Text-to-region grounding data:
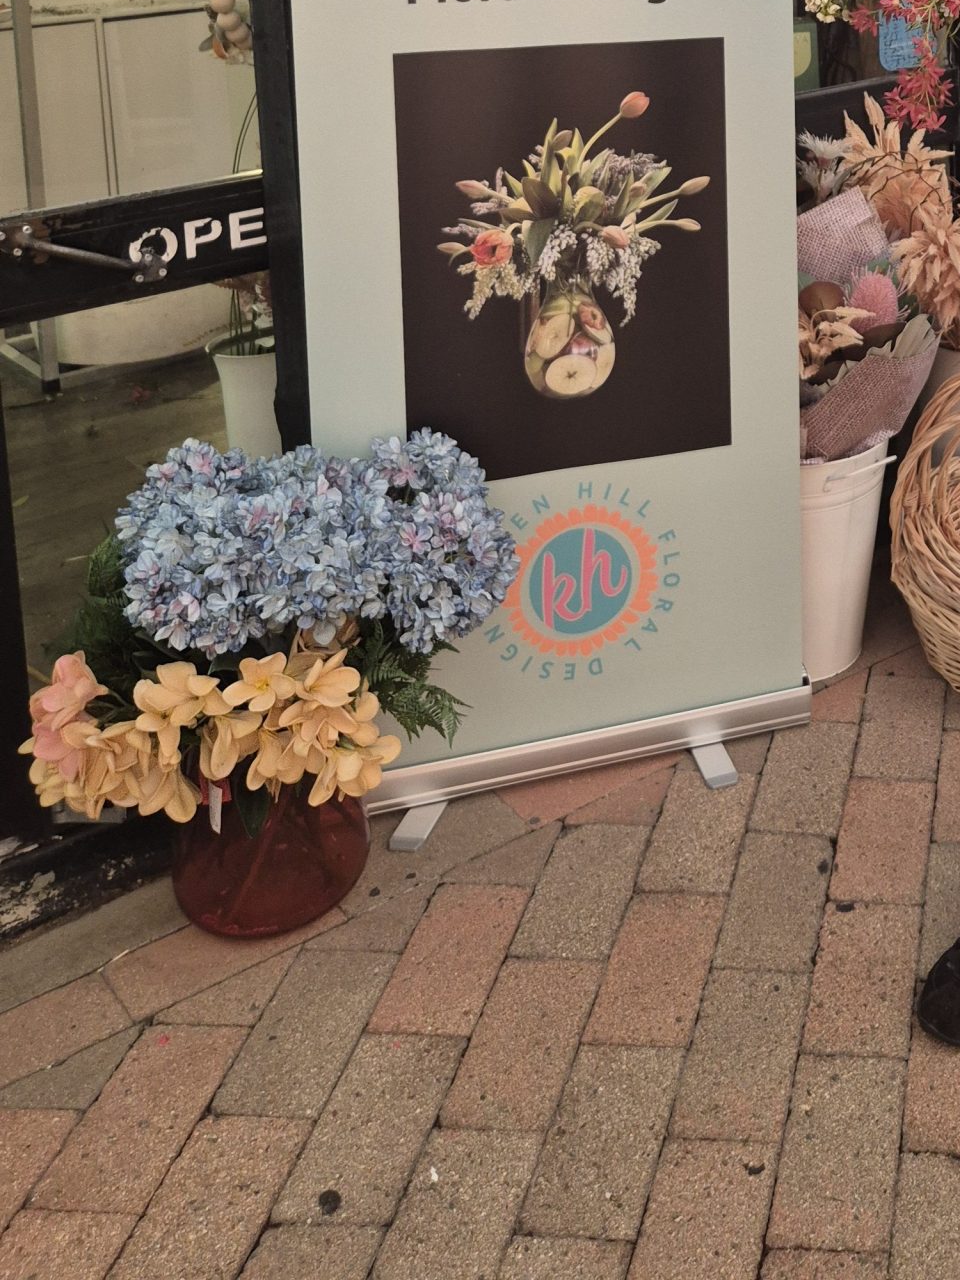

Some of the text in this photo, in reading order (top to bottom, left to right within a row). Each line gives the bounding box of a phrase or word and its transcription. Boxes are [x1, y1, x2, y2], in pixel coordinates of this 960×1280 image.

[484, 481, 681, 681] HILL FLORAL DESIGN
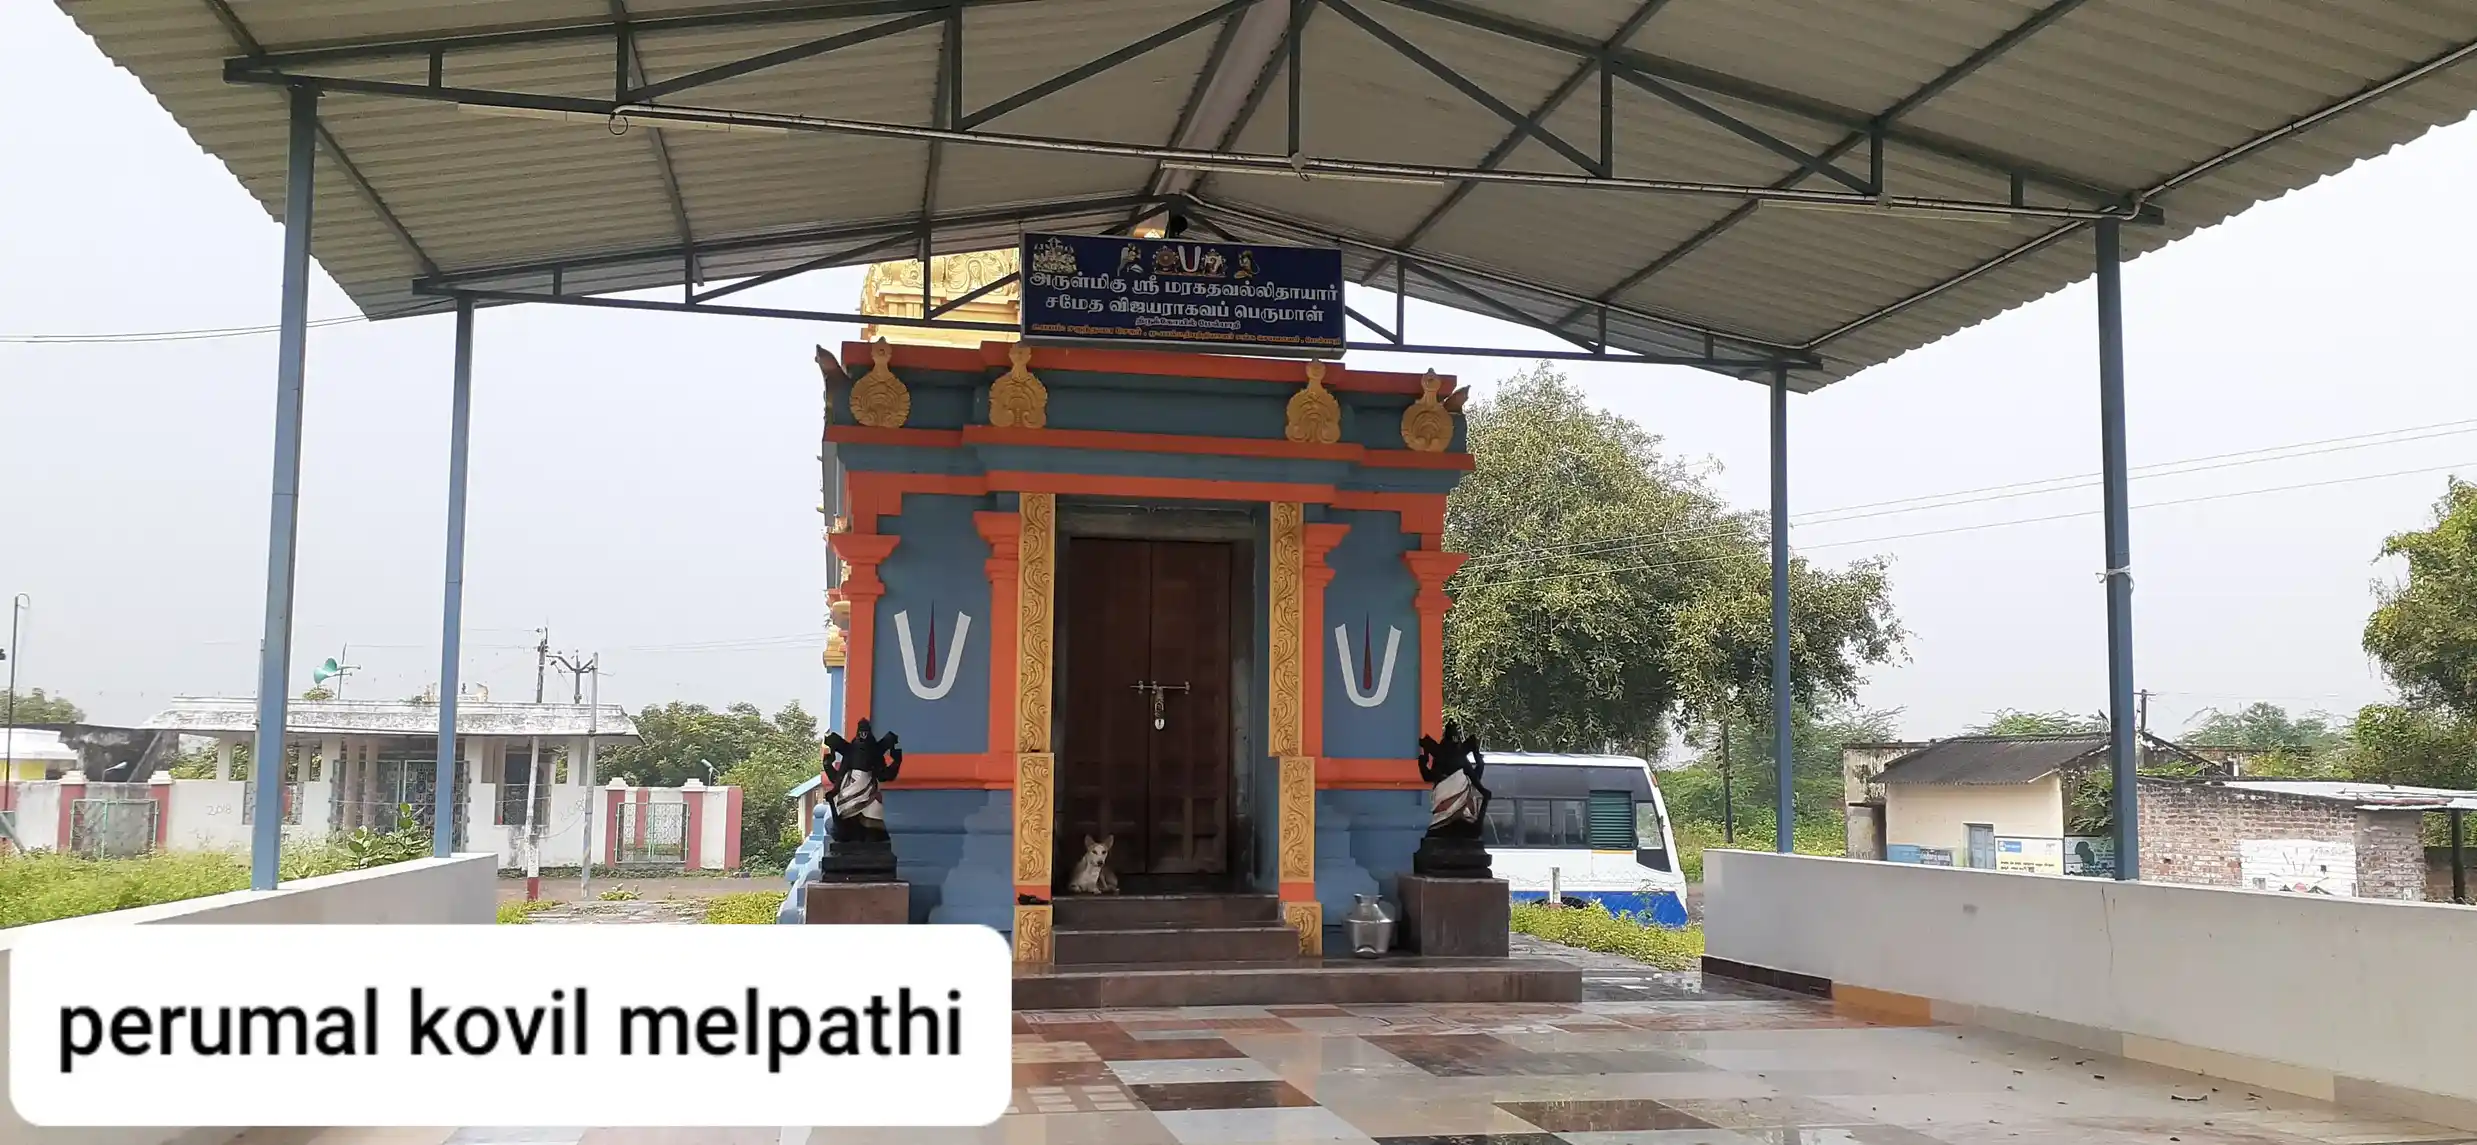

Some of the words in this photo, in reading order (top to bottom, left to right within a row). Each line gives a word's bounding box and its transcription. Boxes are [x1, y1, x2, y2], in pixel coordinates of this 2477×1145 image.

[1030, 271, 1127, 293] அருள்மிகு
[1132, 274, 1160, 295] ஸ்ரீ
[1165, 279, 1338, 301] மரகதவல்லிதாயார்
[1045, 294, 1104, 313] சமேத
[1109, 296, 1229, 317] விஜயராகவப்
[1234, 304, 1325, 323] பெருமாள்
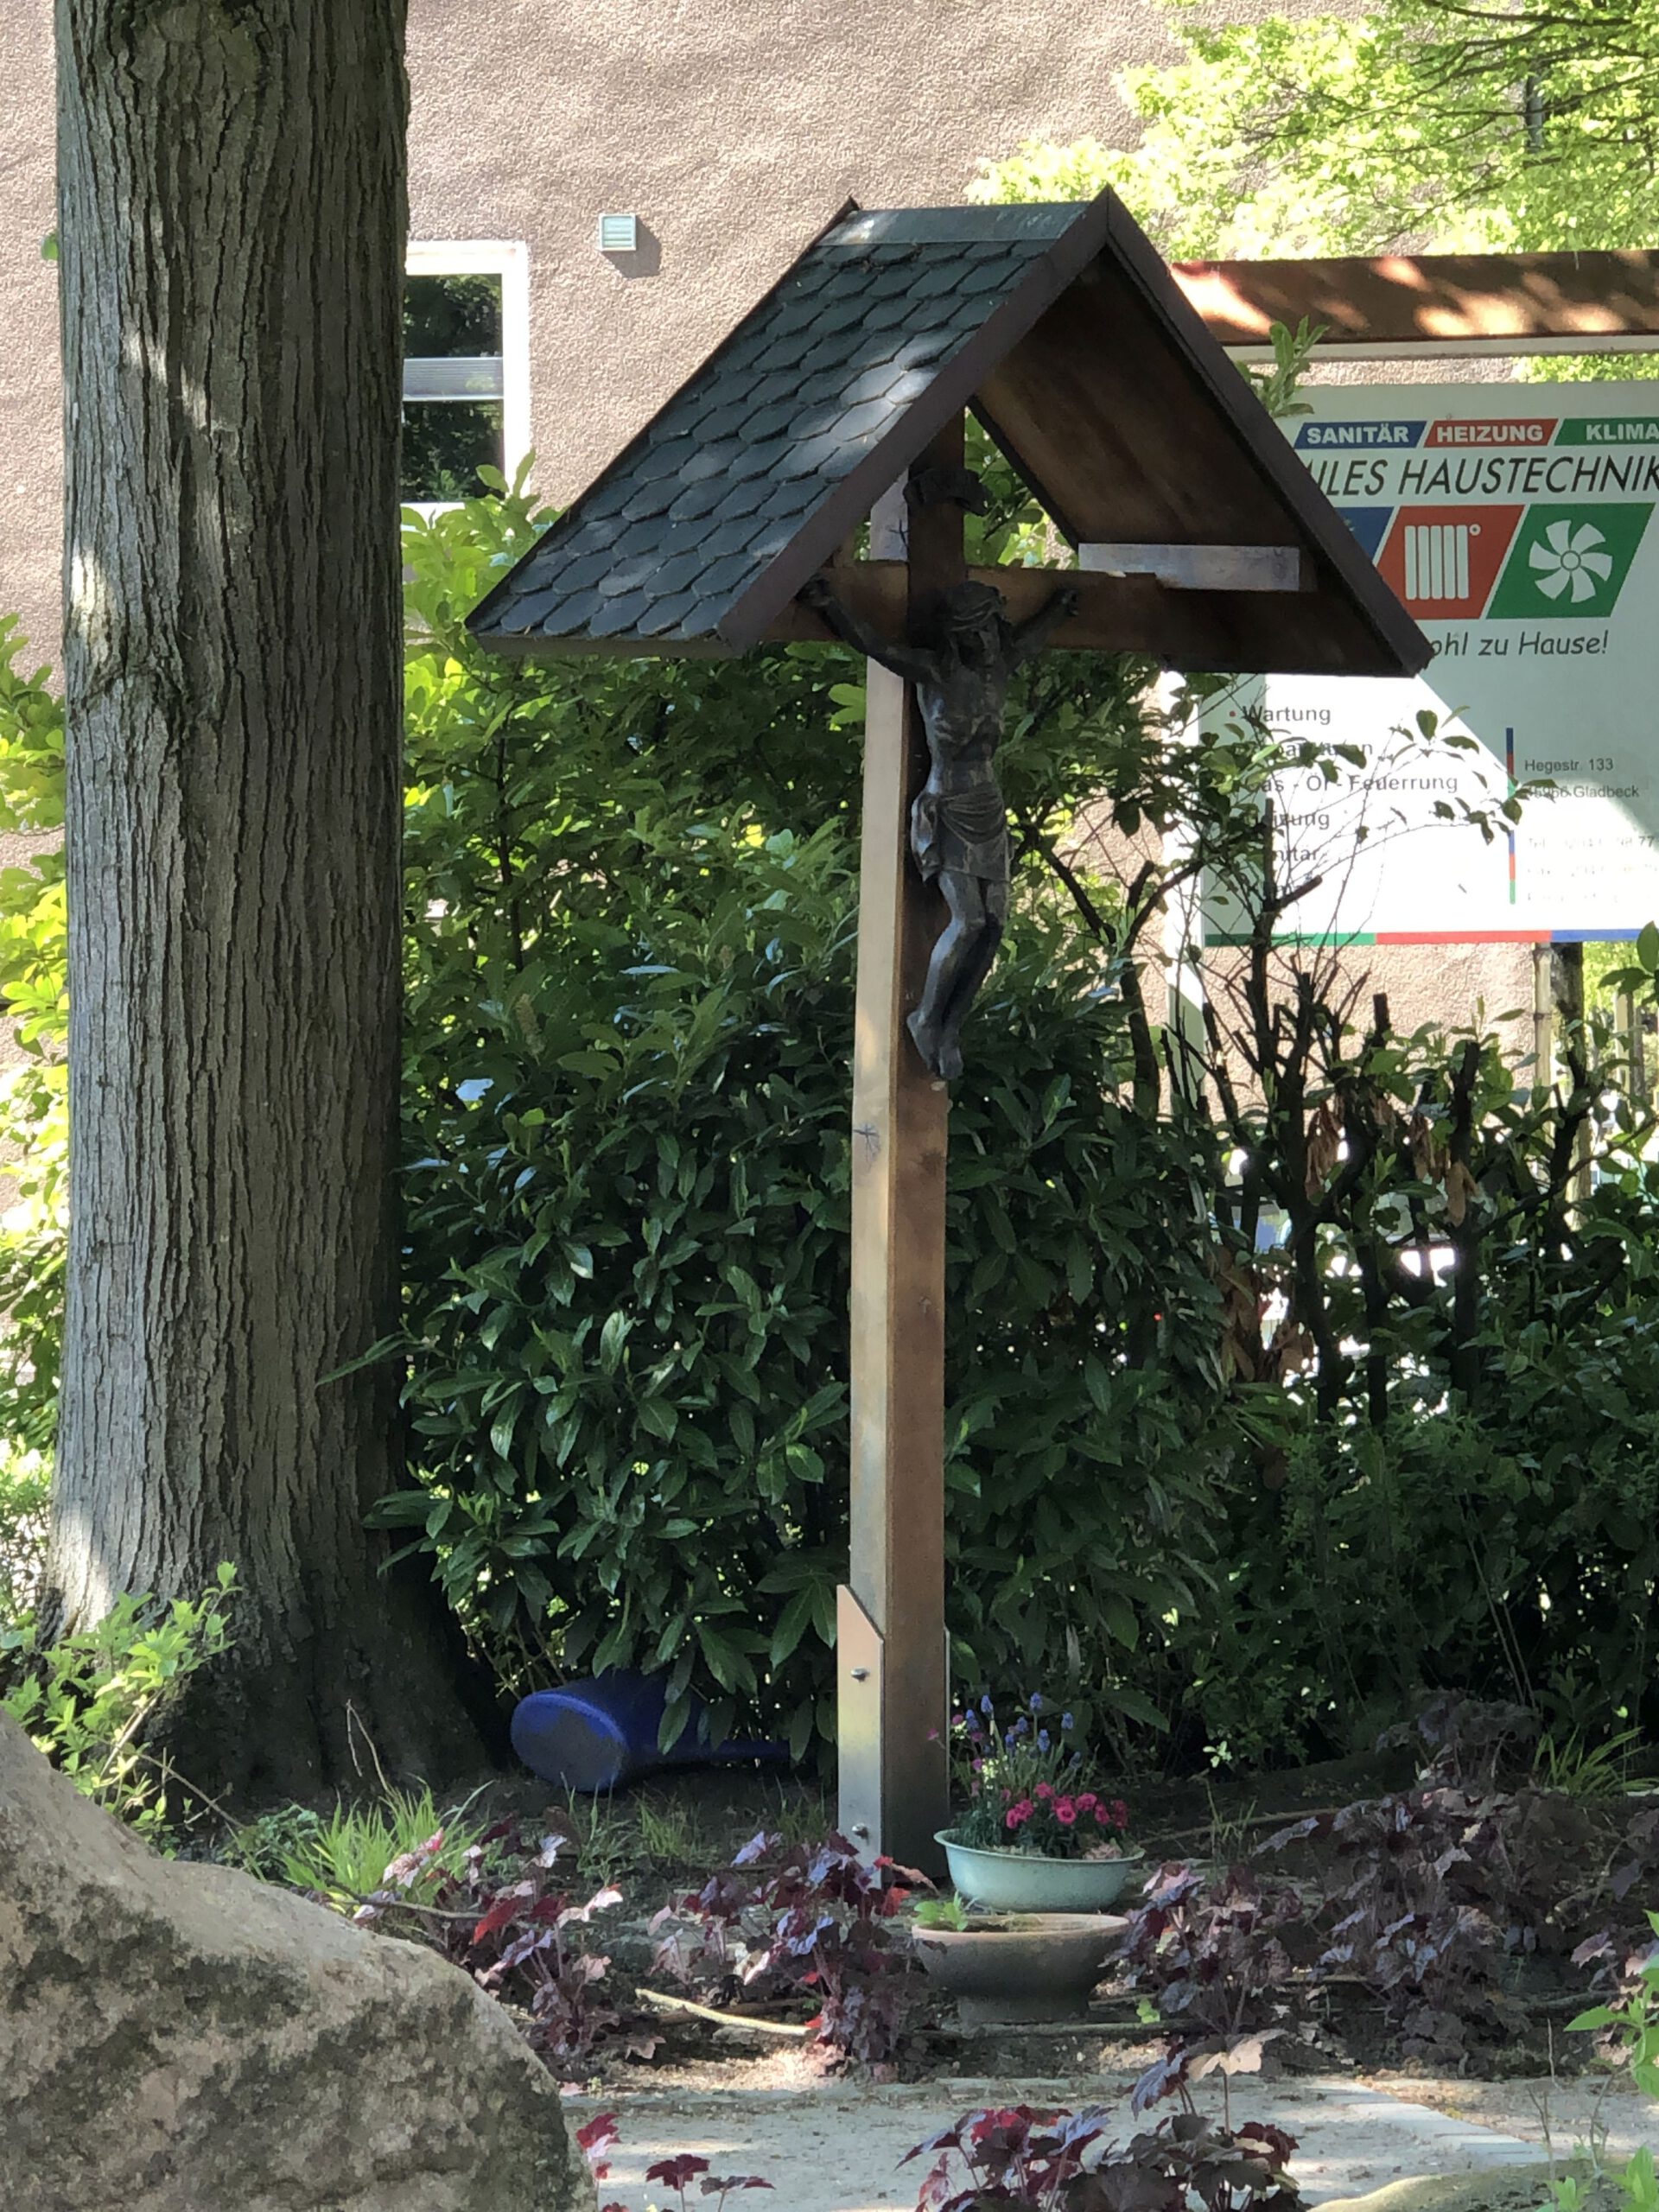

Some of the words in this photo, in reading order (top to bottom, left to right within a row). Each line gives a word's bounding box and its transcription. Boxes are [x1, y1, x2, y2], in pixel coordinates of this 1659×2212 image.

> YOUR GOAL
Above are the records; repeat them all exactly, without the pictures.

> RESULT OF THIS EXERCISE
Some of the text in this photo, in reading order (top to bottom, left to right within a row). Each line gives the bounding box of a phrase or word and its transcription. Boxes are [x1, y1, x2, y2], in pixel coordinates of this 960×1280 image.

[484, 481, 681, 681] HILL FLORAL DESIGN

Some of the words in this photo, in reading order (top to bottom, left to right within a row). Each line gives a word's bounding box and its transcription. Boxes are [x1, y1, x2, y2], in pixel coordinates of this 2477×1145 image.

[1030, 271, 1127, 293] அருள்மிகு
[1132, 274, 1160, 295] ஸ்ரீ
[1165, 279, 1338, 301] மரகதவல்லிதாயார்
[1045, 294, 1104, 313] சமேத
[1109, 296, 1229, 317] விஜயராகவப்
[1234, 304, 1325, 323] பெருமாள்

Some of the words in this photo, in reading order (top to bottom, left to right within a row). Each line gives a word's bounding box and its transcription. Boxes are [x1, y1, x2, y2], in pixel coordinates of this 1659×2212 image.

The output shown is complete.